Four-cylinders not part of next generation Audi Sport models

Electrification will take preference, but downsizing as the brand moves towards rolling-out new, only electric vehicles by 2026.


In what has been seen as a swipe at Mercedes-Benz’s recent switch to four-cylinder engines for its new generation of AMG models, Audi has announced that it won’t be following the same route for its incoming S and RS models at any stage.

While still represented by the S3 as its smallest engine performance model at present, Ingolstadt’s Head of Marketing at Audi Sport, Constantin Dressler, in a likely response to the electrified Mercedes-AMG C43 and all-new C63 S, told cnet.com that while electrification will feature prominently in the next S and RS model, “we won’t do four-cylinder”.

The announcement likely stems from the Four Rings confirming earlier this year that only brand-new electric vehicles will be produced by 2026, in the anticipated run-up to internal combustion engines becoming entirely obsolete by 2034.

Until 2019, the now axed S1, based on the original A1, had been Audi Sport’s smallest model with outputs of 188kW/350Nm from its 2.0 TFSI engine.

ALSO READ: Audi saying goodbye to internal combustion after 2034

A replacement, based on the current A1 that will be dropped before 2025, never materialised as a result of not only costs, but also space limitations related to the MQB A0 platform that also underpins the Volkswagen Polo, T-Cross, Taigo/Nivus, the Virtus/Polo Sedan, as well as the Seat Ibiza and Skoda Fabia.

“With that platform, it’s difficult. You remember the first series of the A1 quattro was very expensive to build. The S1 was also not easy to do because it was done later, it was not originally on the platform,” Audi’s then Head of Communications, and former DTM driver, Peter Oberndorfer told defunct online publication caradvice.com.au three years ago.

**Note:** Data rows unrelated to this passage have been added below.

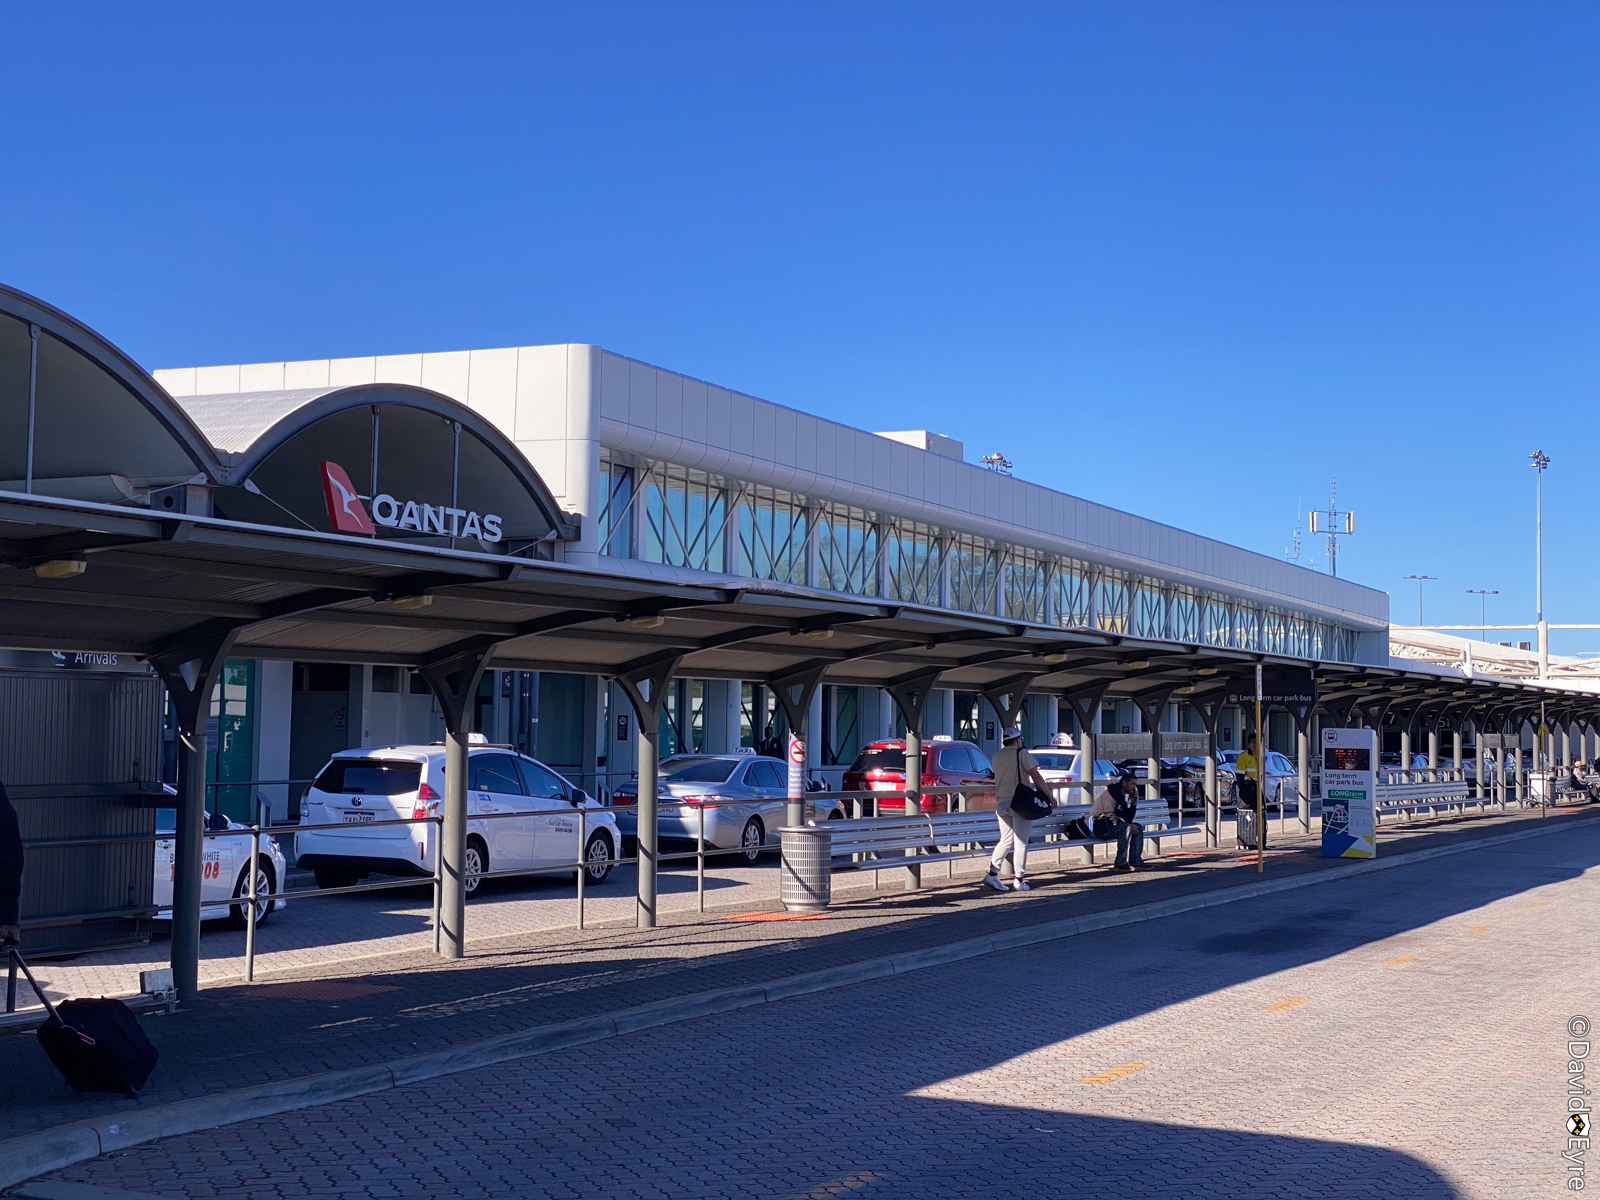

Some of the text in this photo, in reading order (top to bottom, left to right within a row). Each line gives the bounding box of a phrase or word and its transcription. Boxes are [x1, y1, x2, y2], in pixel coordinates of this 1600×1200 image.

[372, 494, 503, 543] QANTAS
[74, 652, 118, 666] Arrivals
[1240, 694, 1256, 703] Long
[1284, 694, 1299, 703] park
[1164, 740, 1174, 753] Long
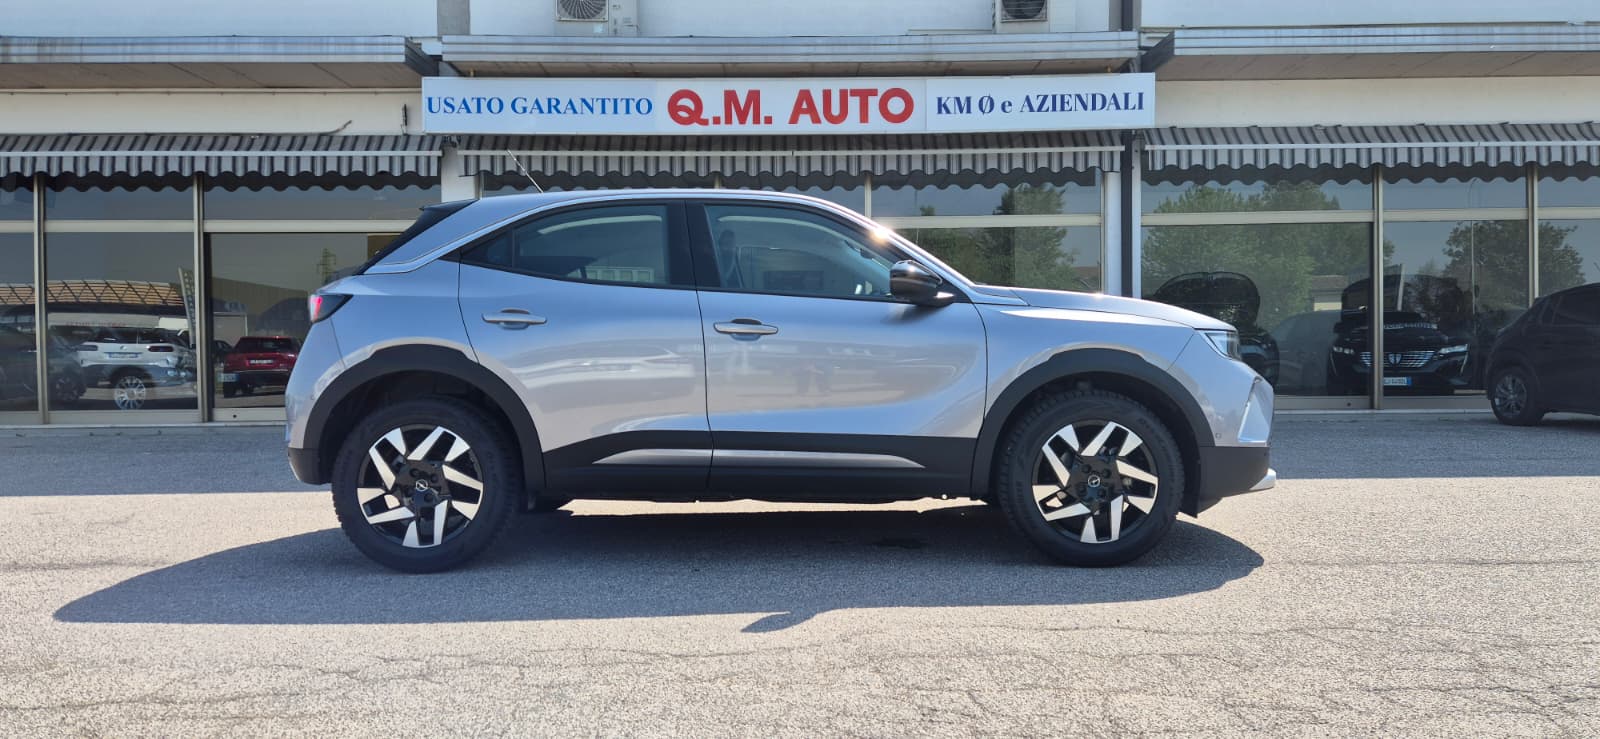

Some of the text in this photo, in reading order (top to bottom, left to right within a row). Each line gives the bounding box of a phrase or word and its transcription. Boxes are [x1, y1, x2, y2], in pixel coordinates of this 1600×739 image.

“It was quite an investment. It was a great car but nowadays we have to focus more and more [on other developments] and it’s getting more and more difficult.”

Despite Audi confirming earlier this year a renewal of the model that uses the S3 as a base, the A3, for fifth a generation in 2027 or 2028, this model is unlikely to utilise an internal combustion engine, meaning the current iteration will prevail until then as the only four-cylinder model in Audi’s performance line-up.